• [DATA PROVIDED]:
= Beginning of Section =

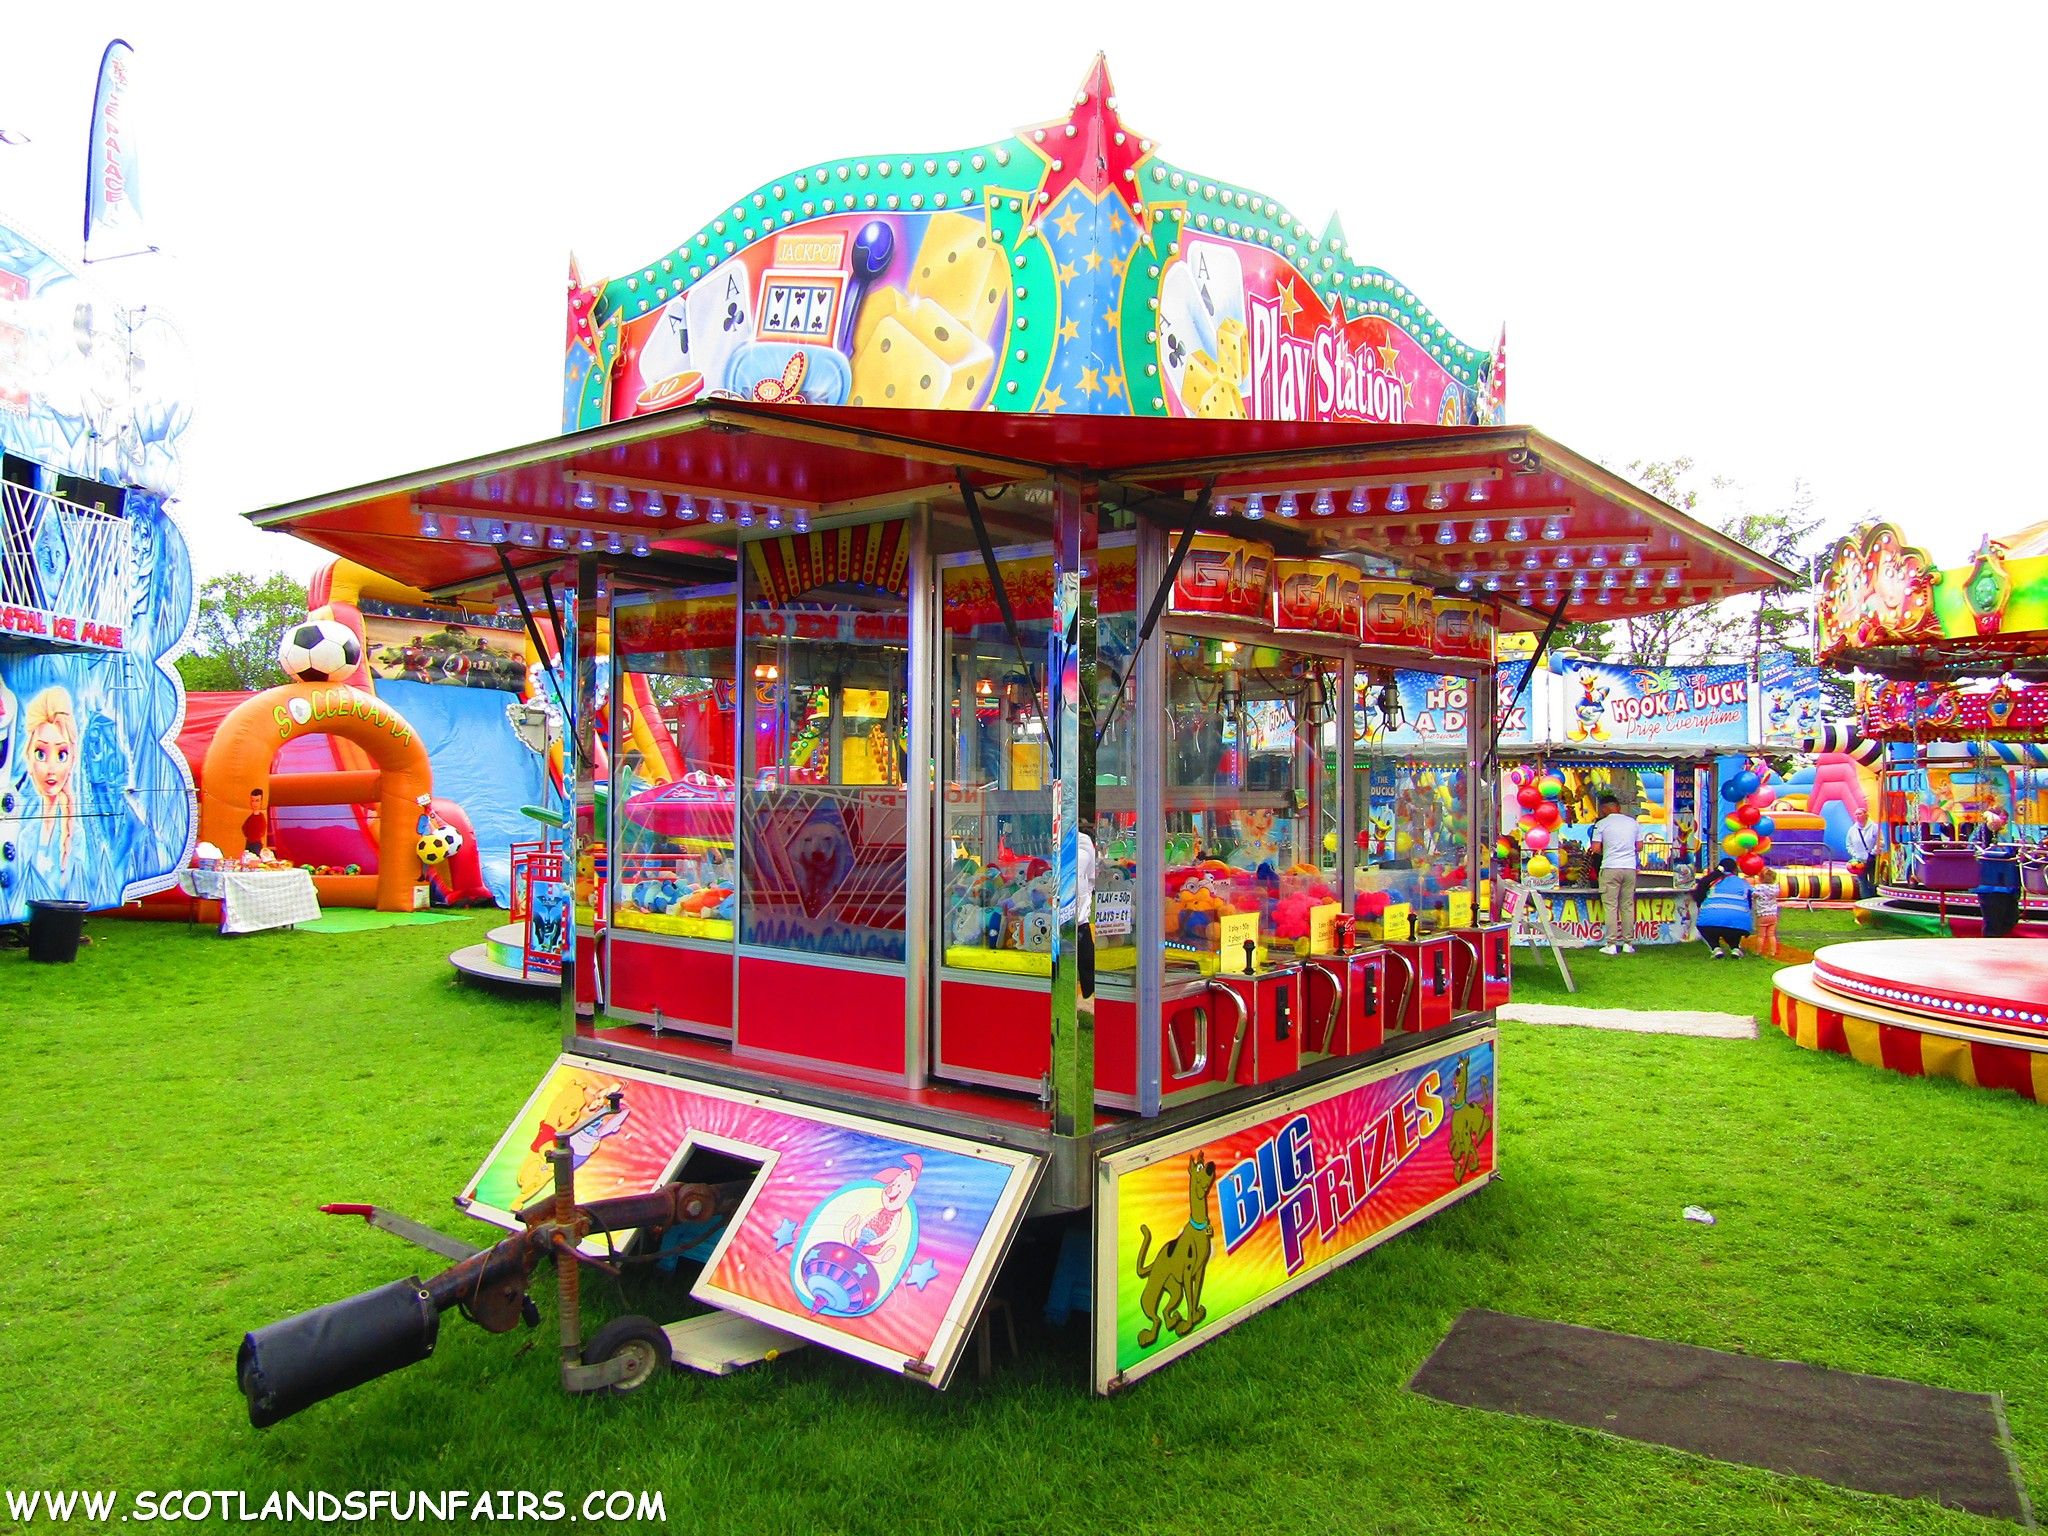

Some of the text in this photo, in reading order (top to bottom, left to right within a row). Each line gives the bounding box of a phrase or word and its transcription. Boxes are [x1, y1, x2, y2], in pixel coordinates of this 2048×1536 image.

[104, 121, 123, 203] PALACE
[779, 244, 840, 262] JACKPOT
[1198, 252, 1210, 280] A
[727, 274, 739, 300] A
[669, 314, 682, 335] A
[1251, 299, 1403, 423] Play Station
[654, 378, 679, 400] 10
[763, 386, 776, 397] 50
[0, 605, 123, 648] STAL ICE MAZE
[1762, 664, 1787, 678] Prize
[1426, 685, 1514, 709] HOK
[1611, 680, 1747, 723] HOOK A DUCK
[273, 689, 411, 746] SOCCERAMA
[1414, 711, 1436, 733] A
[1626, 707, 1741, 741] Prize Everytime
[1417, 732, 1463, 740] Everyone
[1370, 786, 1395, 797] DUCKS
[1377, 776, 1388, 784] THE
[1097, 893, 1113, 904] PLAY
[1119, 891, 1130, 904] 50p
[1095, 910, 1115, 922] PLAYS
[1561, 898, 1579, 922] A
[1216, 1114, 1315, 1255] BIG
[1278, 1070, 1446, 1276] PRIZES
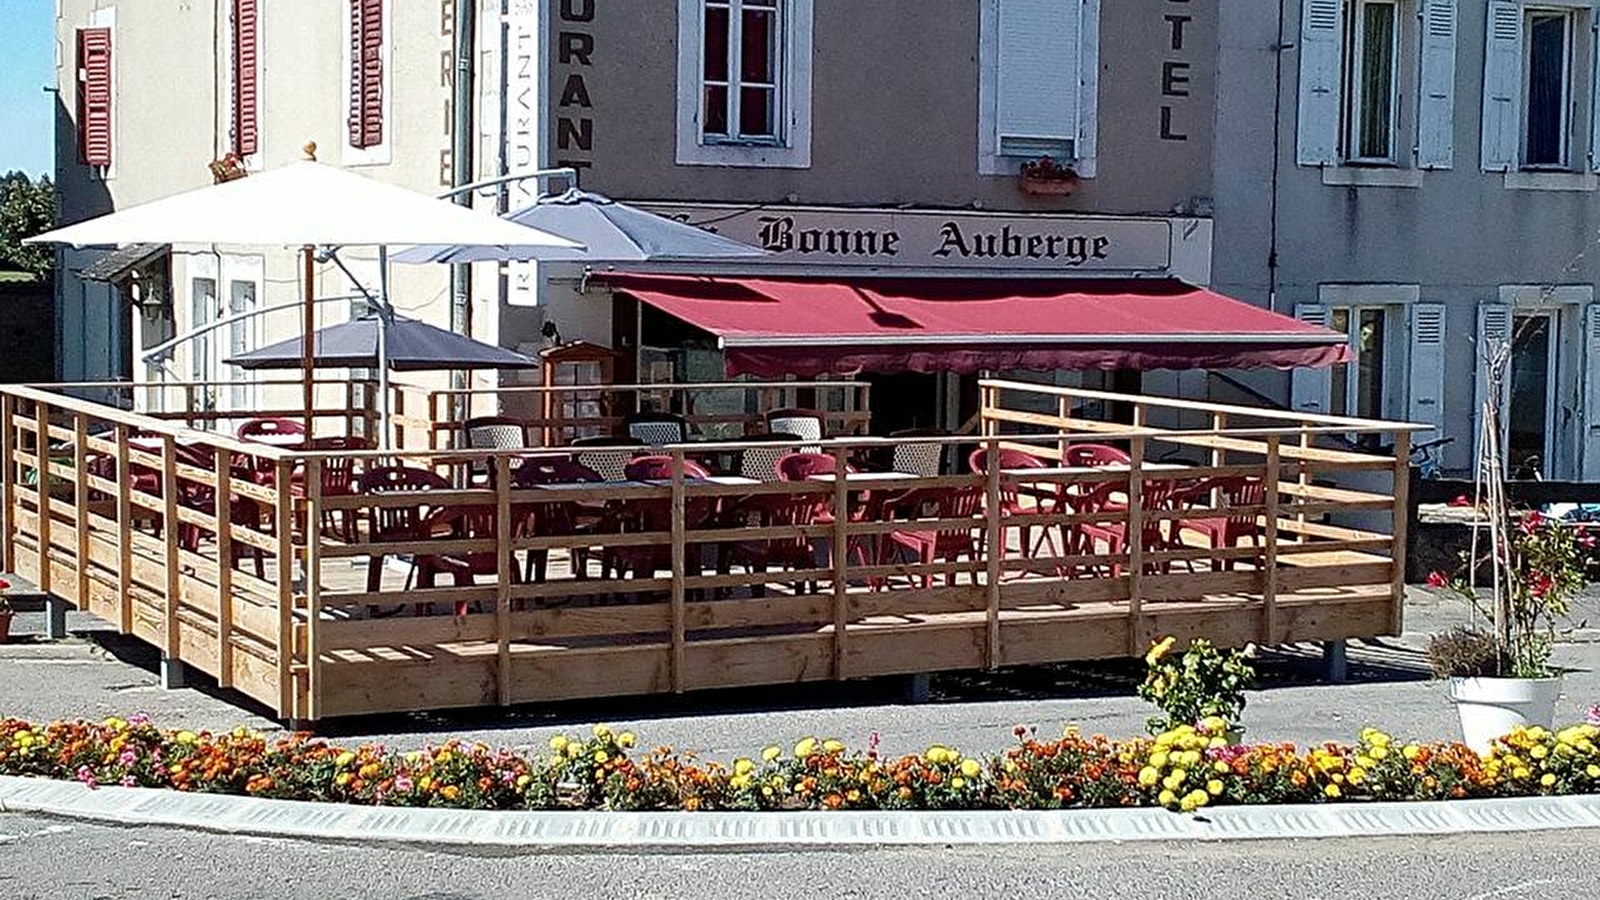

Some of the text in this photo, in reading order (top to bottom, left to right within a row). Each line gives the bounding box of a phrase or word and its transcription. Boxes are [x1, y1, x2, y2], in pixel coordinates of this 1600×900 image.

[557, 0, 595, 169] URAN
[1160, 0, 1192, 141] TEL
[517, 25, 532, 292] RAURANT
[758, 216, 900, 255] Bonne
[932, 221, 1110, 267] Auberge
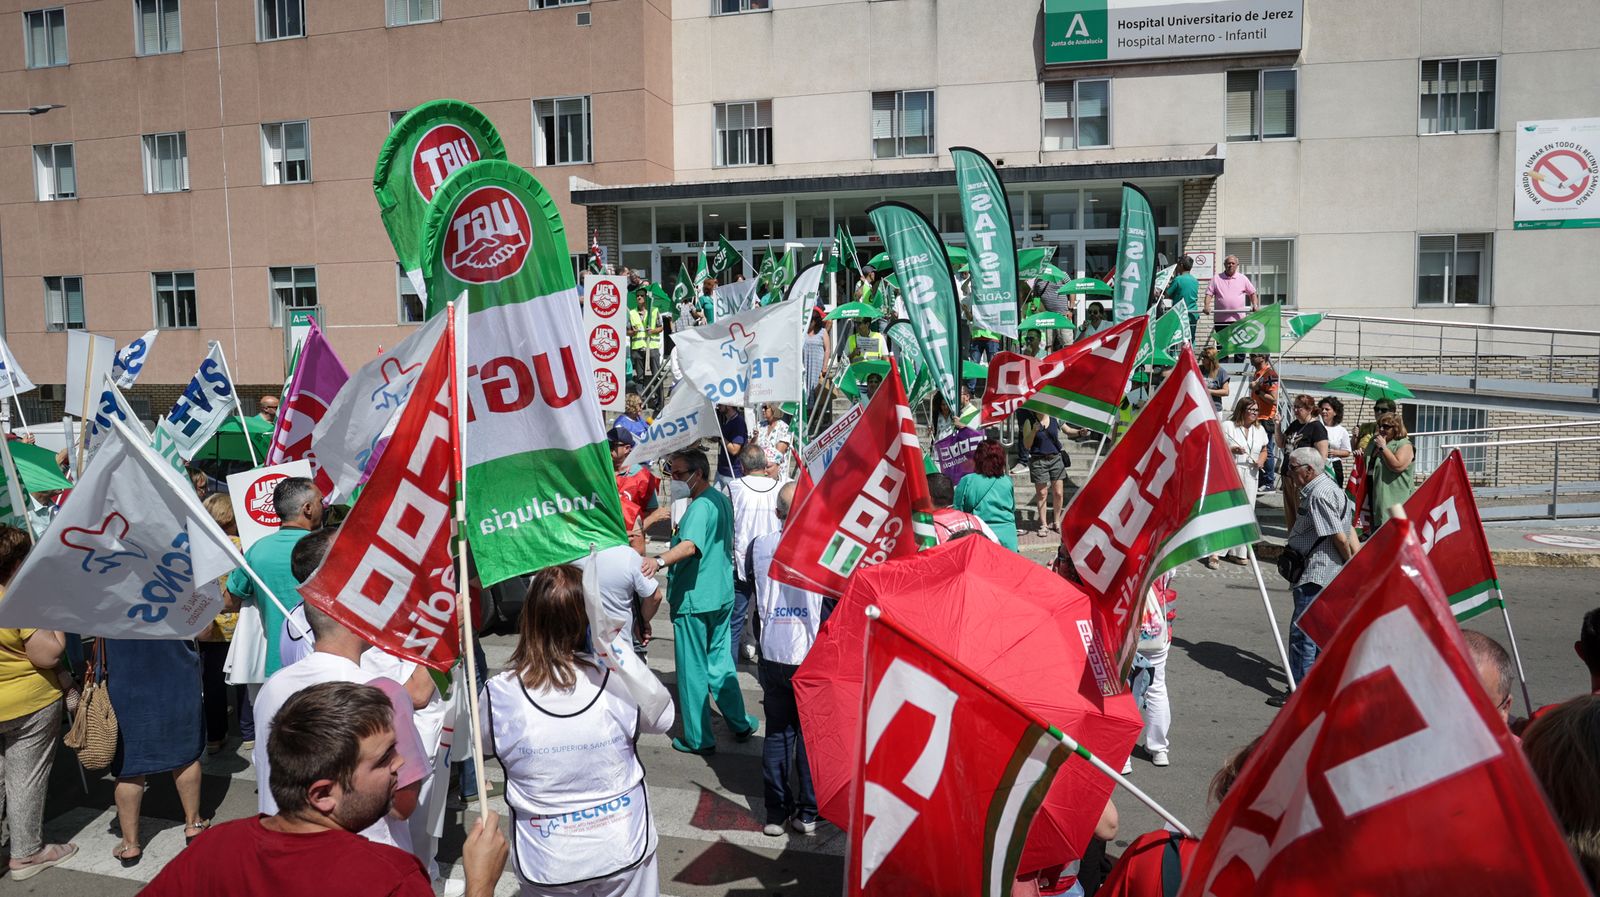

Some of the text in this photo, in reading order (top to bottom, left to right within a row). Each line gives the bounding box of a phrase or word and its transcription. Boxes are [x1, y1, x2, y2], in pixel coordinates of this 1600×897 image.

[1117, 9, 1294, 30] Hospital Universitario de Jerez
[1117, 34, 1165, 48] Hospital
[1168, 32, 1215, 44] Materno
[1225, 28, 1267, 41] Infantil
[1522, 141, 1599, 206] PROHIBIDO FUMAR EN TODO EL RECINTO SANITARIO
[596, 284, 615, 296] UGT
[595, 327, 614, 339] UGT
[820, 409, 860, 447] CCOO
[552, 743, 588, 754] SUPERIOR

= End of Section =

• [PROBLEM STATEMENT]:
Would you reproduce the lines above exactly, without carrying over the pictures?

• [ANSWER BOX]:
Some of the text in this photo, in reading order (top to bottom, left to right within a row). Each line gives the bounding box of a phrase or word and its transcription. Boxes are [x1, y1, x2, y2], in pixel coordinates of this 2048×1536 image.

[104, 121, 123, 203] PALACE
[779, 244, 840, 262] JACKPOT
[1198, 252, 1210, 280] A
[727, 274, 739, 300] A
[669, 314, 682, 335] A
[1251, 299, 1403, 423] Play Station
[654, 378, 679, 400] 10
[763, 386, 776, 397] 50
[0, 605, 123, 648] STAL ICE MAZE
[1762, 664, 1787, 678] Prize
[1426, 685, 1514, 709] HOK
[1611, 680, 1747, 723] HOOK A DUCK
[273, 689, 411, 746] SOCCERAMA
[1414, 711, 1436, 733] A
[1626, 707, 1741, 741] Prize Everytime
[1417, 732, 1463, 740] Everyone
[1370, 786, 1395, 797] DUCKS
[1377, 776, 1388, 784] THE
[1097, 893, 1113, 904] PLAY
[1119, 891, 1130, 904] 50p
[1095, 910, 1115, 922] PLAYS
[1561, 898, 1579, 922] A
[1216, 1114, 1315, 1255] BIG
[1278, 1070, 1446, 1276] PRIZES

Some of the text in this photo, in reading order (top to bottom, left to right within a row). Each line gives the bounding box of a phrase or word and its transcription. Boxes are [x1, y1, x2, y2], in pixel coordinates of this 1600×900 image.

[557, 0, 595, 169] URAN
[1160, 0, 1192, 141] TEL
[517, 25, 532, 292] RAURANT
[758, 216, 900, 255] Bonne
[932, 221, 1110, 267] Auberge

Some of the text in this photo, in reading order (top to bottom, left to right within a row). Each line gives the bounding box of a phrase or word and its transcription. Boxes are [x1, y1, x2, y2], in pixel coordinates of this 1600×897 image.

[1117, 9, 1294, 30] Hospital Universitario de Jerez
[1117, 34, 1165, 48] Hospital
[1168, 32, 1215, 44] Materno
[1225, 28, 1267, 41] Infantil
[1522, 141, 1599, 206] PROHIBIDO FUMAR EN TODO EL RECINTO SANITARIO
[596, 284, 615, 296] UGT
[595, 327, 614, 339] UGT
[820, 409, 860, 447] CCOO
[552, 743, 588, 754] SUPERIOR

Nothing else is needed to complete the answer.